Mittelstand lernt bei IBM richtig zu globalisieren

Management

Der IT-Konzern IBM schickt sich an, Mittelständlern die Geschäfte im internationalen Umfeld zu erleichtern.

Firmen mit weltweit verteilten Teams sollen einfacher arbeiten können. Dafür gibt es jetzt aus der Software- sowie aus der Entwicklungsabteilung von Big Blue neue Vorschläge, die zunächst in den USA vorgestellt wurden und jetzt auch für deutsche Firmen zu haben sind. IBM nennt dies in einer Mitteilung: Unterstützung auf dem Weg in die Globalisierung.

Ziel ist es, die Unternehmen in ihrer Wettbewerbsfähigkeit zu stärken. Die neue Entwicklungsplattform unter Jazz.net soll Entwicklern die Zusammenarbeit erleichtern. Auf Web-2.0-Technologien basierend, ist Jazz.net eine offene und kommerzielle Community, die es Unternehmen ermöglicht, auf globaler Ebene transparent zu kooperieren.
 
“IBM zeigt mit Jazz.net, wie in Zukunft die Softwareentwicklung und Bereitstellung aussehen wird”, erklärte Markus Wiens, Marketing Rational Software bei dem Konzern. “IBM verfolgt damit die Vision, dass die Entwickler-Community zu jedem Zeitpunkt Teil der Entstehung und dem Design neuer Entwicklungsprozesse ist.”

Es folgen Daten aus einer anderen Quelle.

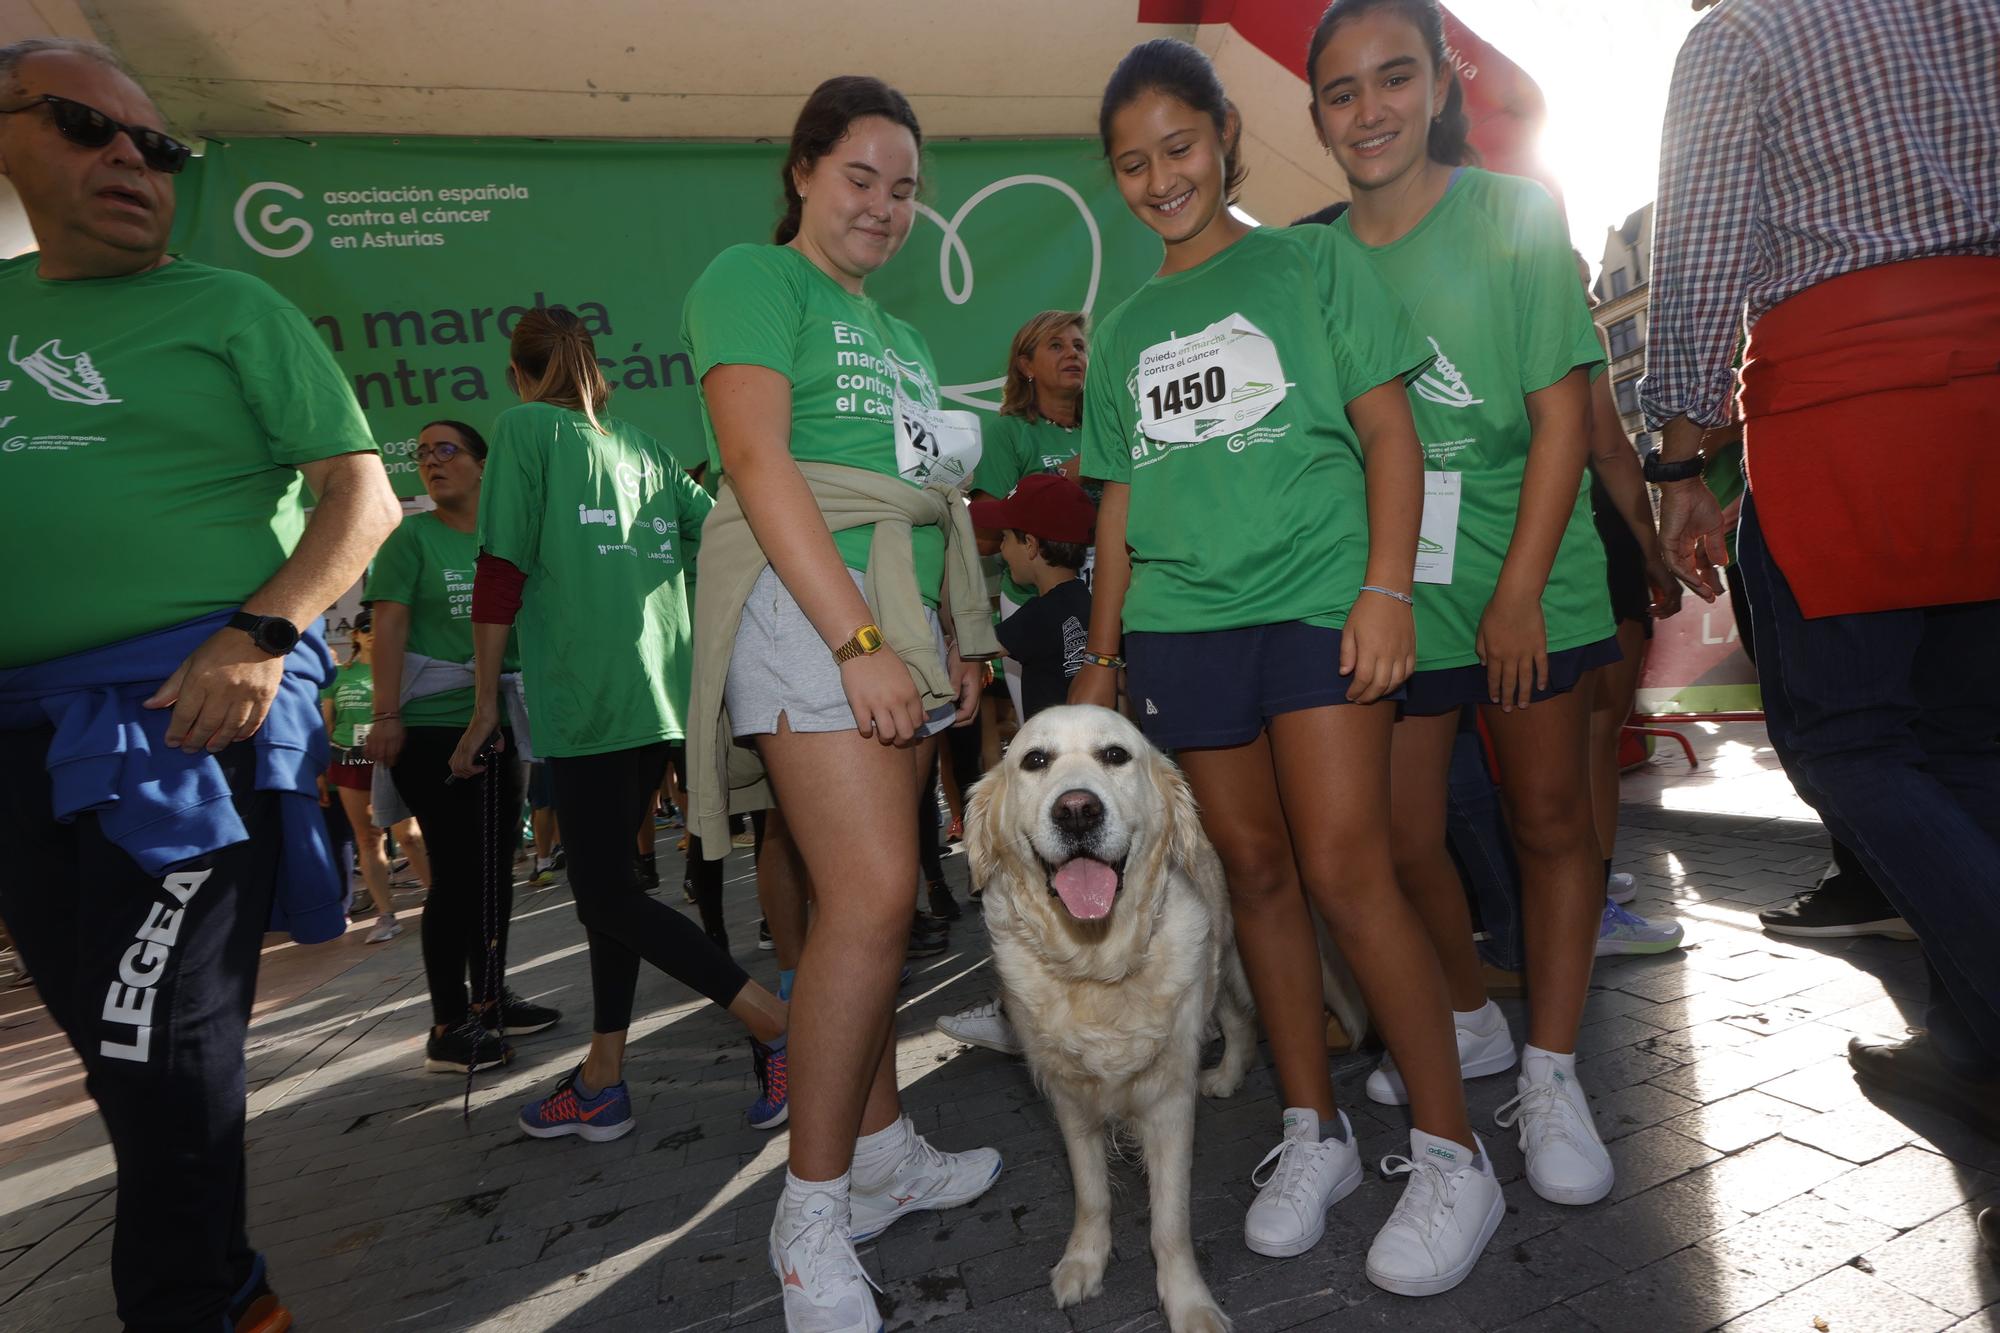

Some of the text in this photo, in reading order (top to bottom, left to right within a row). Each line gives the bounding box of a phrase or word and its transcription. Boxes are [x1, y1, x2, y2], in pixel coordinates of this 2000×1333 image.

[323, 183, 529, 205] asociación española
[327, 207, 491, 226] contra el cáncer
[330, 231, 445, 249] en Asturias
[363, 291, 613, 350] marca
[833, 325, 864, 346] En
[1144, 350, 1177, 365] Oviedo
[1191, 333, 1226, 353] marcha
[1144, 347, 1220, 377] contra el cáncer
[354, 342, 697, 411] ntra cán
[836, 392, 857, 413] el
[1146, 366, 1226, 420] 1450
[443, 571, 463, 581] En
[100, 867, 213, 1063] LEGEA
[1428, 1147, 1455, 1160] adidas
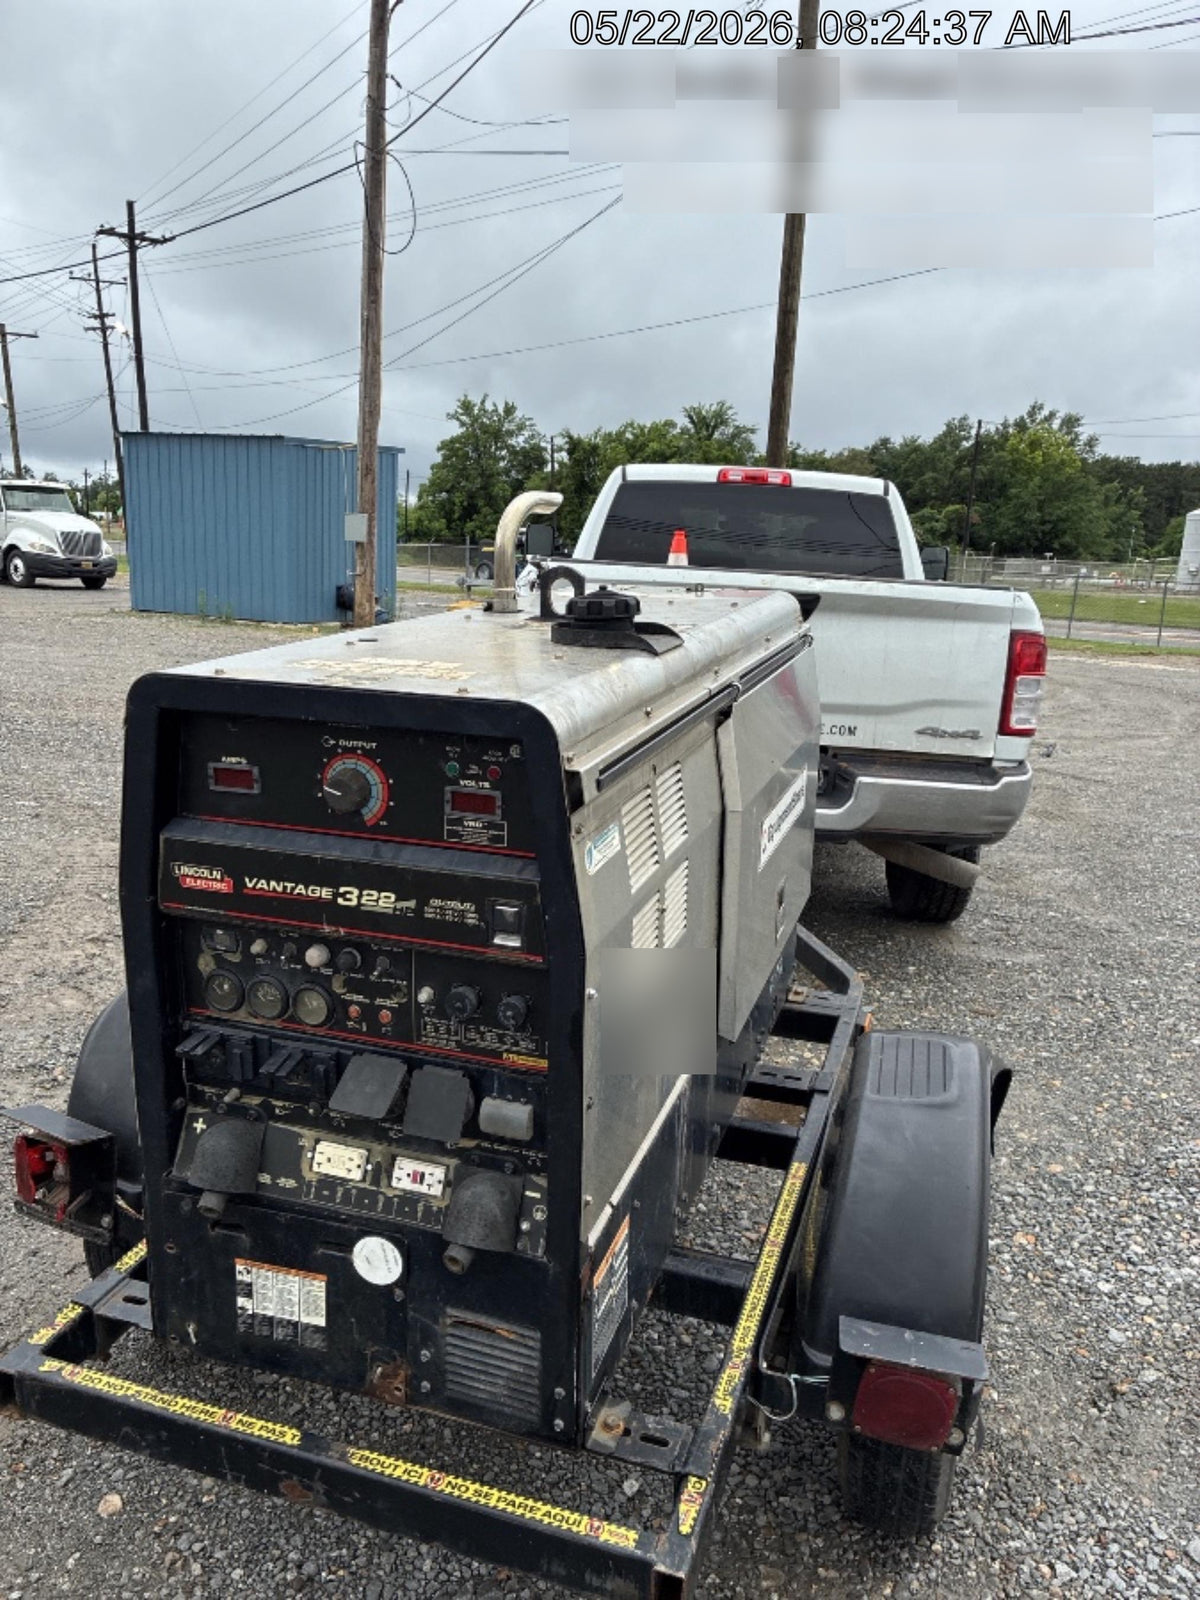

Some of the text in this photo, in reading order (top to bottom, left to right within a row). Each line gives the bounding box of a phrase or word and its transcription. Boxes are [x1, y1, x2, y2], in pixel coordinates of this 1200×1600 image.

[338, 739, 378, 750] OUTPUT
[459, 779, 491, 788] VOLTS
[174, 865, 222, 880] LINCOLN
[186, 877, 229, 890] ELECTRIC
[244, 876, 334, 899] VANTAGE
[337, 886, 396, 908] 322
[80, 1373, 102, 1385] DO
[102, 1380, 134, 1393] NOT
[133, 1389, 179, 1407] STAND
[179, 1402, 219, 1419] HERE
[236, 1418, 258, 1430] NE
[258, 1425, 288, 1439] PAS
[402, 1468, 424, 1480] ICI
[445, 1480, 470, 1494] NO
[472, 1489, 495, 1501] SE
[496, 1496, 541, 1515] PARE

Dabei steht die Untersuchung virtueller Welten zum Nutzen der internationalen Entwicklerteams im Mittelpunkt. Kommunikationsverbesserungen und die Überwindung kultureller und internationaler Barrieren sind ebenfalls Teil der Plattform. Interessierte können einen ersten virtuellen Einblick in das IBM-Projekt ‘Bluegrass’ auf Second Life bekommen. Außerdem wird im Herbst die Lösung ‘Rational Team Concert Express’ auf den Markt kommen, die sich primär an mittelständische Unternehmen richtet und auf der neuen Jazz-Technologie aufbaut. Sie soll die Projektabstimmung erleichtern.